Task to complete:
Return only the lines running from the one that contains "this 2000×1125 image." through the end of the entries, exactly, both ends included. Omit pictures.

:: Exercise data

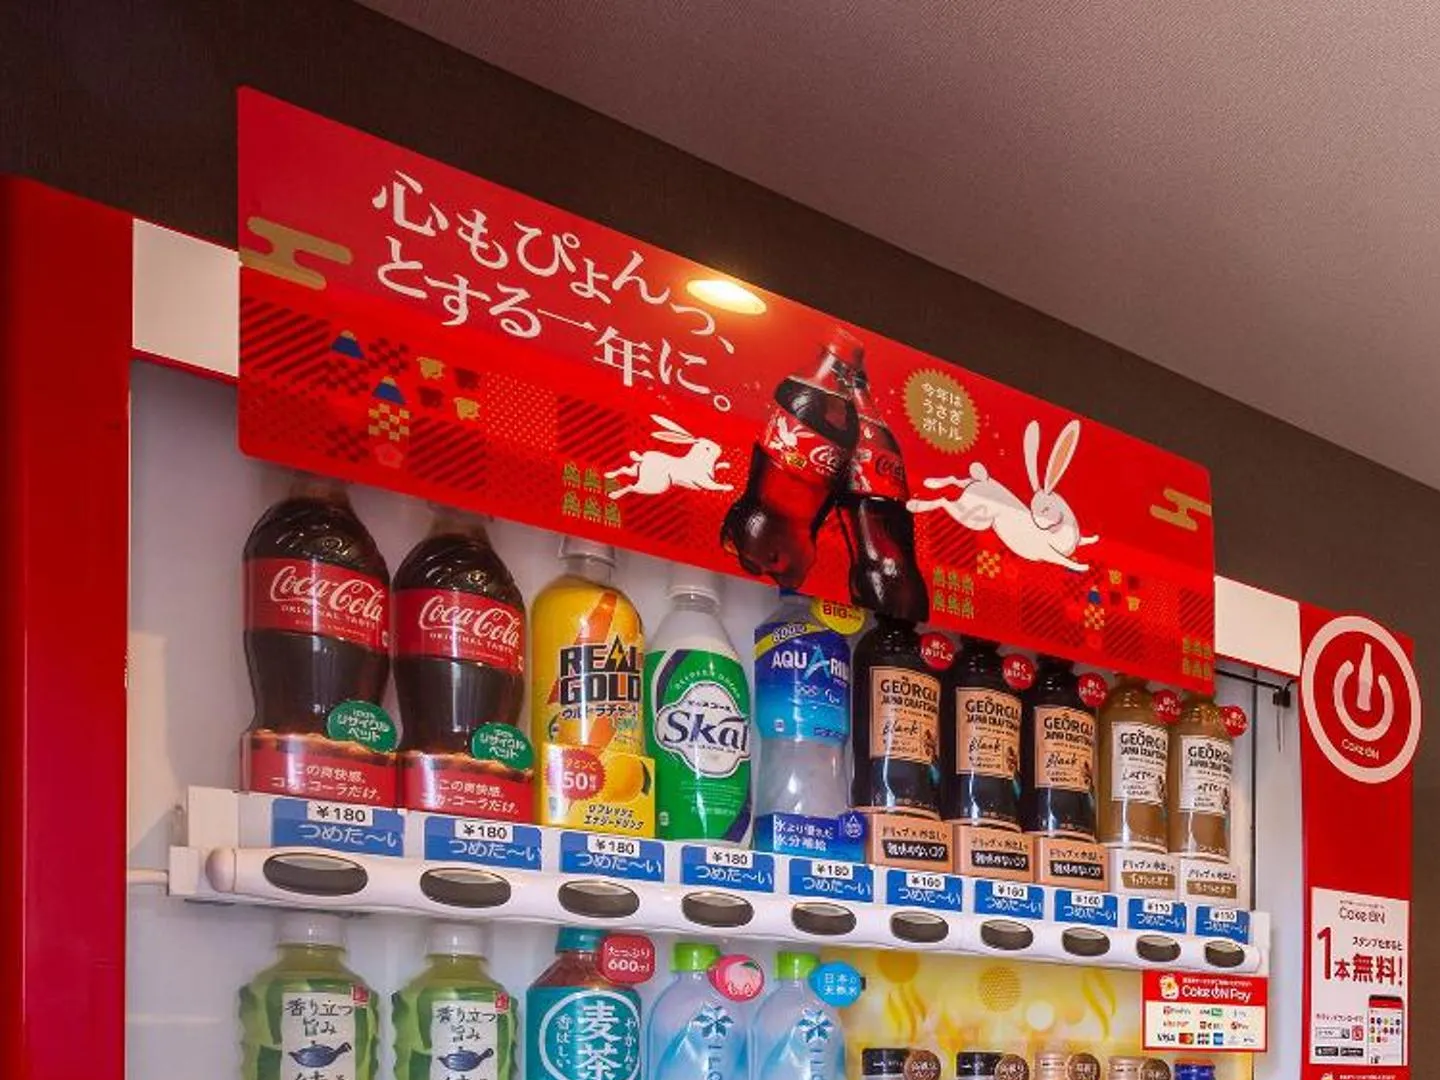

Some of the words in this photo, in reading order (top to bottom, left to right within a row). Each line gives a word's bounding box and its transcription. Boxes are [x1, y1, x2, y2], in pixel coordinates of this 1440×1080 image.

[372, 170, 735, 354] 心もぴょんっ、
[377, 236, 731, 411] とする一年に。
[923, 399, 964, 425] うさぎ
[922, 417, 963, 440] ボトル
[270, 566, 385, 621] Coca-Cola
[419, 596, 521, 648] Coca-Cola
[316, 805, 366, 823] ¥180
[463, 823, 507, 839] ¥180
[596, 838, 635, 855] ¥180
[712, 851, 749, 867] ¥180
[817, 863, 849, 877] ¥180
[824, 973, 858, 984] 日本の
[727, 980, 754, 996] もも
[824, 984, 858, 996] 天然水
[1230, 988, 1252, 1003] Pay
[285, 997, 353, 1018] 香り立つ
[437, 1007, 496, 1025] 香り立つ
[302, 1018, 337, 1038] 旨み
[450, 1025, 482, 1043] 旨み
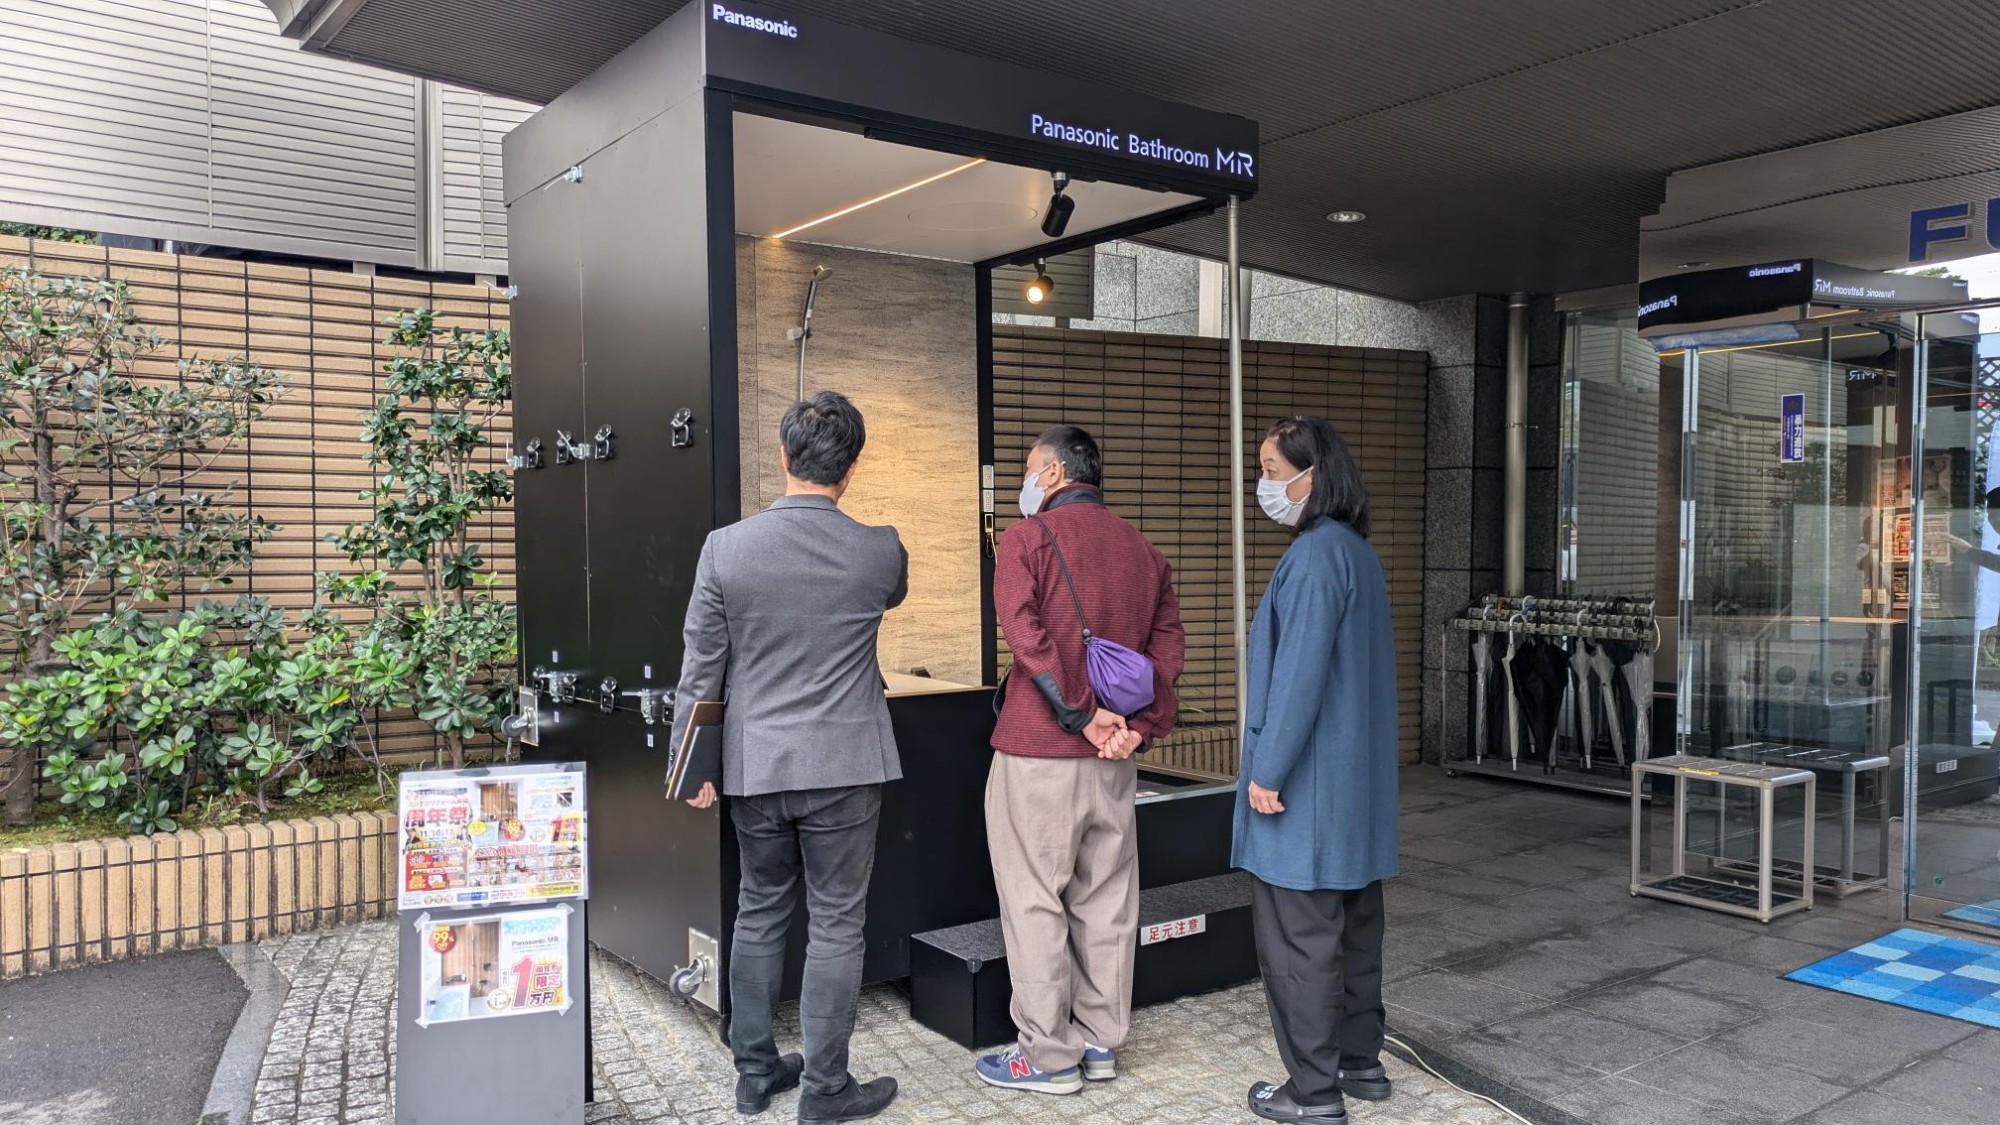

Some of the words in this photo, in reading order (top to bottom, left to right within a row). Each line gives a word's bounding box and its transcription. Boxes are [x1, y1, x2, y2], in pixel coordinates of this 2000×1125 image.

[712, 3, 798, 39] Panasonic
[1031, 113, 1120, 151] Panasonic
[1128, 134, 1209, 169] Bathroom
[1908, 201, 2000, 263] F
[1149, 918, 1199, 942] 足元注意
[511, 955, 535, 1009] 1
[536, 975, 560, 989] 限定
[530, 991, 555, 1006] 万円
[1009, 1056, 1032, 1079] N
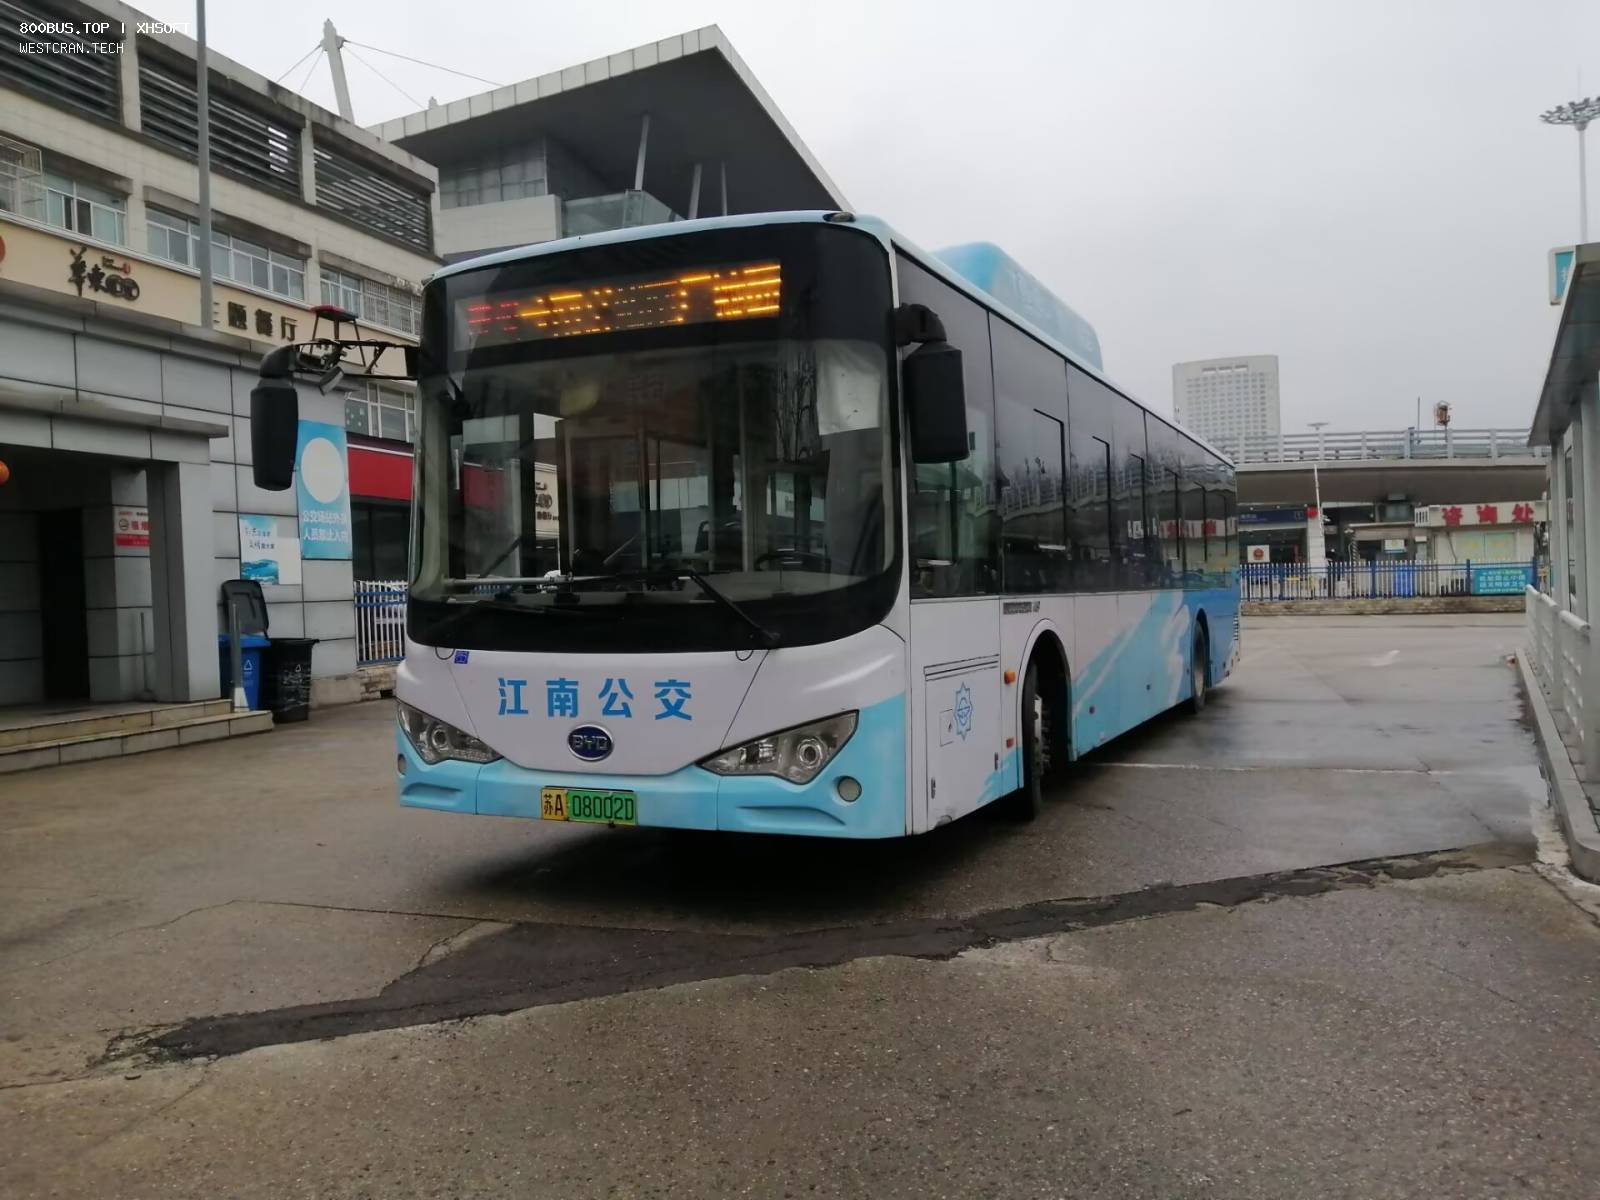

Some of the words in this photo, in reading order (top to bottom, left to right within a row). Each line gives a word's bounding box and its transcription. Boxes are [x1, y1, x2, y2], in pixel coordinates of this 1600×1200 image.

[497, 677, 693, 721] 江南公交
[572, 734, 609, 750] BYD

::::

Task solution:
Some of the words in this photo, in reading order (top to bottom, left to right within a row). Each line gives a word's bounding box and its transcription. Boxes are [x1, y1, x2, y2], in pixel coordinates of this 2000×1125 image.

[712, 3, 798, 39] Panasonic
[1031, 113, 1120, 151] Panasonic
[1128, 134, 1209, 169] Bathroom
[1908, 201, 2000, 263] F
[1149, 918, 1199, 942] 足元注意
[511, 955, 535, 1009] 1
[536, 975, 560, 989] 限定
[530, 991, 555, 1006] 万円
[1009, 1056, 1032, 1079] N

Some of the words in this photo, in reading order (top to bottom, left to right within a row). Each line gives a word's bounding box and its transcription. Boxes are [x1, y1, x2, y2], in pixel coordinates of this 1600×1200 image.

[497, 677, 693, 721] 江南公交
[572, 734, 609, 750] BYD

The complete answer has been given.